Sports

Le rugby aussi a ses binationaux

François Mazet et Sylvain Mouillard, mis à jour le 03.10.2011 à 18 h 58

Une palanquée d’Argentins pour l’Italie, une pincée de kiwis pour l’Angleterre et le Japon, et quelques grand-mères écossaises pour des Australiens... Si les règles d’éligibilité se sont clarifiées en rugby, il est encore assez simple de porter le maillot d’un pays qui n’est pas le sien.

A Dunedin en Nouvelle-Zélande le 13 septembre 2011, REUTERS/Marcos Brindicci

A Dunedin en Nouvelle-Zélande le 13 septembre 2011, REUTERS/Marcos Brindicci

Ils sont onze. Onze étrangers à porter le maillot de la Squadra Azzurra lors de la Coupe du monde, soit un tiers de l’effectif. Record de l’édition. Et alors? Alors, aucun souci, le rugby n’a pas de problème de quota, bien au contraire. Il est encore assez courant pour un joueur d’opter pour l’équipe nationale d’un pays dont il n’est pas originaire.

Côté italien, une bonne partie du contingent est sud-américaine. Six Argentins (le capitaine Parisse, Castrogiovanni, Canavosio, Garcia, Orquera, Canale) se sont découvert une ascendance dans la botte. Selon cette explication il s’agirait principalement de gamins des campagnes ou des banlieues éloignées de Buenos Aires, et donc absents des radars d’une fédération argentine désargentée et encore gérée selon le mode amateur.
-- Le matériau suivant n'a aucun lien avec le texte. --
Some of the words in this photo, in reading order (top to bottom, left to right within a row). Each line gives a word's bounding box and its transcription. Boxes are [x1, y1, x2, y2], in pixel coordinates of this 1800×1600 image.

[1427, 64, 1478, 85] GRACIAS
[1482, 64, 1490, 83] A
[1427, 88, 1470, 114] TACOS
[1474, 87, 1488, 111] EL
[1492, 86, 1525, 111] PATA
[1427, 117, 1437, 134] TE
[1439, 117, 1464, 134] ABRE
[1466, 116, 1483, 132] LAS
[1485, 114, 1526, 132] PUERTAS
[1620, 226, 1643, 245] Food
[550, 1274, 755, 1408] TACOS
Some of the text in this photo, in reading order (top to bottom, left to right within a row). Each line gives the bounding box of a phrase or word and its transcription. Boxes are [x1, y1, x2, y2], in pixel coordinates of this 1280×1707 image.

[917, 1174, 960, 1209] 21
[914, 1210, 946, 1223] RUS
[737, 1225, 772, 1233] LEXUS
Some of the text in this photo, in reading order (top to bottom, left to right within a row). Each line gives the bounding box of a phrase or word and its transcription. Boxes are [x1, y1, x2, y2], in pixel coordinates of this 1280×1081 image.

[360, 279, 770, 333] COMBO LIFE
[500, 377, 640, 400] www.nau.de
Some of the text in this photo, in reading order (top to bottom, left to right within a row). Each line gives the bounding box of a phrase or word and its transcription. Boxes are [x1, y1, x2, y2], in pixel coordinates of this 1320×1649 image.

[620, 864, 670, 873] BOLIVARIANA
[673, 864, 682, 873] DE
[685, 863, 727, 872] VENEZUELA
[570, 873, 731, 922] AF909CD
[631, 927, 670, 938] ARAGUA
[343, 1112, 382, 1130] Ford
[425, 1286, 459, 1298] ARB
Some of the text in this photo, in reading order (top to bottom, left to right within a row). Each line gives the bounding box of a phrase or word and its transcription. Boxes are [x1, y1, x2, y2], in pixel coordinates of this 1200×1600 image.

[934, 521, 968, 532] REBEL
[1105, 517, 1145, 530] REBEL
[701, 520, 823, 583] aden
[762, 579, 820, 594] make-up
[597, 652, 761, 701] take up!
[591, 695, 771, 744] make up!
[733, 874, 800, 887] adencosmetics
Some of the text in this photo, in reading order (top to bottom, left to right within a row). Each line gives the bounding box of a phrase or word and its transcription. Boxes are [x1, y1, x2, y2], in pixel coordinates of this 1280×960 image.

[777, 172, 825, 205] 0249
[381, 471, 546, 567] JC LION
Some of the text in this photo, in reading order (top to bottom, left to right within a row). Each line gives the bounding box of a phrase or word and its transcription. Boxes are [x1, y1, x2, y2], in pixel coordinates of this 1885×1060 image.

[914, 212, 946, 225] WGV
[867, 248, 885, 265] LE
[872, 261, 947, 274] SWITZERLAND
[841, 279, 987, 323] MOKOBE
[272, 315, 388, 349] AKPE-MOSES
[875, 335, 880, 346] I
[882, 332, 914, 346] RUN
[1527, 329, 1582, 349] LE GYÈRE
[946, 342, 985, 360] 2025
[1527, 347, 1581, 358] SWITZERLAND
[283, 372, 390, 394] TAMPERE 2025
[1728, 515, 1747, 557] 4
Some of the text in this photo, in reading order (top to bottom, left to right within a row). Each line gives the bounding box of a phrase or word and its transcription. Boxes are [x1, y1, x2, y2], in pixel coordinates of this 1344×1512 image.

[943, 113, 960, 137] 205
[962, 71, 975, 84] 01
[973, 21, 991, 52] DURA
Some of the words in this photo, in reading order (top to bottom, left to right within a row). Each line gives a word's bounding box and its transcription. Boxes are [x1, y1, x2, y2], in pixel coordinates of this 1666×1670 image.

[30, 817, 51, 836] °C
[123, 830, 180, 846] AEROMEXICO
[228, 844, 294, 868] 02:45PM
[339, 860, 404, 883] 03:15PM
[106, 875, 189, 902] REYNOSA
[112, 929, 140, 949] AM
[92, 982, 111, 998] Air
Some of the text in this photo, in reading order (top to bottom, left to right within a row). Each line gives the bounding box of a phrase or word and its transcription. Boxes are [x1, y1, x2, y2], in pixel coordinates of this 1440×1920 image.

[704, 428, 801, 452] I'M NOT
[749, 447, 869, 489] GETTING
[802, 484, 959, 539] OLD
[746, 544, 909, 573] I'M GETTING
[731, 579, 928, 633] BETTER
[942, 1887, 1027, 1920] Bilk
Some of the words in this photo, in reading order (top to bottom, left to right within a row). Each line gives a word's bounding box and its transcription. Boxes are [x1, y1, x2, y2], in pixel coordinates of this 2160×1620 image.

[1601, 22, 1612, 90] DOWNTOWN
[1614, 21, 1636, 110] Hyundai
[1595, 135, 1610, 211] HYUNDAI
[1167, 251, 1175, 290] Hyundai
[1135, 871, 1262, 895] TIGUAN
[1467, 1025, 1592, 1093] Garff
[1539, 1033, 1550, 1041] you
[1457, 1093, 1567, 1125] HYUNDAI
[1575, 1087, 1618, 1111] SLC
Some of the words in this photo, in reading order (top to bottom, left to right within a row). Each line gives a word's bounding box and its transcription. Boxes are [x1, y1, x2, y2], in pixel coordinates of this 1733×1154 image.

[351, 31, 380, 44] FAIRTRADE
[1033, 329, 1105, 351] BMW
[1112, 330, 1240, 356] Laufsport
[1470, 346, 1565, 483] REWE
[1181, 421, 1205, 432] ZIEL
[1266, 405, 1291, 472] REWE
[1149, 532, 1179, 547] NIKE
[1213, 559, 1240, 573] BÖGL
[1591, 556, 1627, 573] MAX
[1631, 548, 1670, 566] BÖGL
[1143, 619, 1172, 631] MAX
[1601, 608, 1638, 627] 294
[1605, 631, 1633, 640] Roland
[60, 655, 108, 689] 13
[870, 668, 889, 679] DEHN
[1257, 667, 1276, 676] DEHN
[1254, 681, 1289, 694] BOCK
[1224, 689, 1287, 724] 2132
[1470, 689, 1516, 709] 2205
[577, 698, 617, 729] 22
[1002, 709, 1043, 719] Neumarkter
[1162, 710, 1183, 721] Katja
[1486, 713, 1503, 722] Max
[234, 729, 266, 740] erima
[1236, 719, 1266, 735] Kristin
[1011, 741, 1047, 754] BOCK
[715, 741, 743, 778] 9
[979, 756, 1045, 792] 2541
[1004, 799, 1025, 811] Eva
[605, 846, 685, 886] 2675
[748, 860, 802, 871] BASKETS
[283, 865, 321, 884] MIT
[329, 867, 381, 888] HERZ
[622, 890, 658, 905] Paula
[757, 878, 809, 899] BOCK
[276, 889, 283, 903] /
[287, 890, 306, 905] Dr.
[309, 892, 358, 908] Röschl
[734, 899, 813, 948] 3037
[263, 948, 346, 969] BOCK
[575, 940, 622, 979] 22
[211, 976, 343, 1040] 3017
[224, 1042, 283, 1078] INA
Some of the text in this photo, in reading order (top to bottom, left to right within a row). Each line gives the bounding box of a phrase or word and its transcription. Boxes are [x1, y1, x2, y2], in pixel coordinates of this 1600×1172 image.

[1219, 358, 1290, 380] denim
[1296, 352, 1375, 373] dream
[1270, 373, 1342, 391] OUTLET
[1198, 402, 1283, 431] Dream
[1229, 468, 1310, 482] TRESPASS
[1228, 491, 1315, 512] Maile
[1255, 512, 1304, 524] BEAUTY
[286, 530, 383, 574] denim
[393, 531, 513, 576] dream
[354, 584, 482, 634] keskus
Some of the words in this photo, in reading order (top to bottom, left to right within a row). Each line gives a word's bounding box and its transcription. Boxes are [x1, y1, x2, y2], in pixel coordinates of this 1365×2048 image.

En général, on change de nationalité pour avoir l’opportunité de se frotter au niveau international lorsqu’on n’a pas la capacité de le faire avec son pays d’origine. C’est le raisonnement de beaucoup de joueurs originaires de nations dites «majeures». En plus d’être l’expérience ultime, le rugby international amène la reconnaissance et l’argent. Dans l’équipe italienne, c’est le cas des Sud-africains Carlo Del Fava (et oui), Quintin Geldenhuys et Cornelius Van Zyl, ainsi que de l’Australien Luke McLean. Le Canadien Robert Barbieri, dont le frère Michael a porté par deux fois le maillot à la feuille d’érable, fait lui figure de contre-exemple, puisque l’Italie est meilleure que son pays d’origine.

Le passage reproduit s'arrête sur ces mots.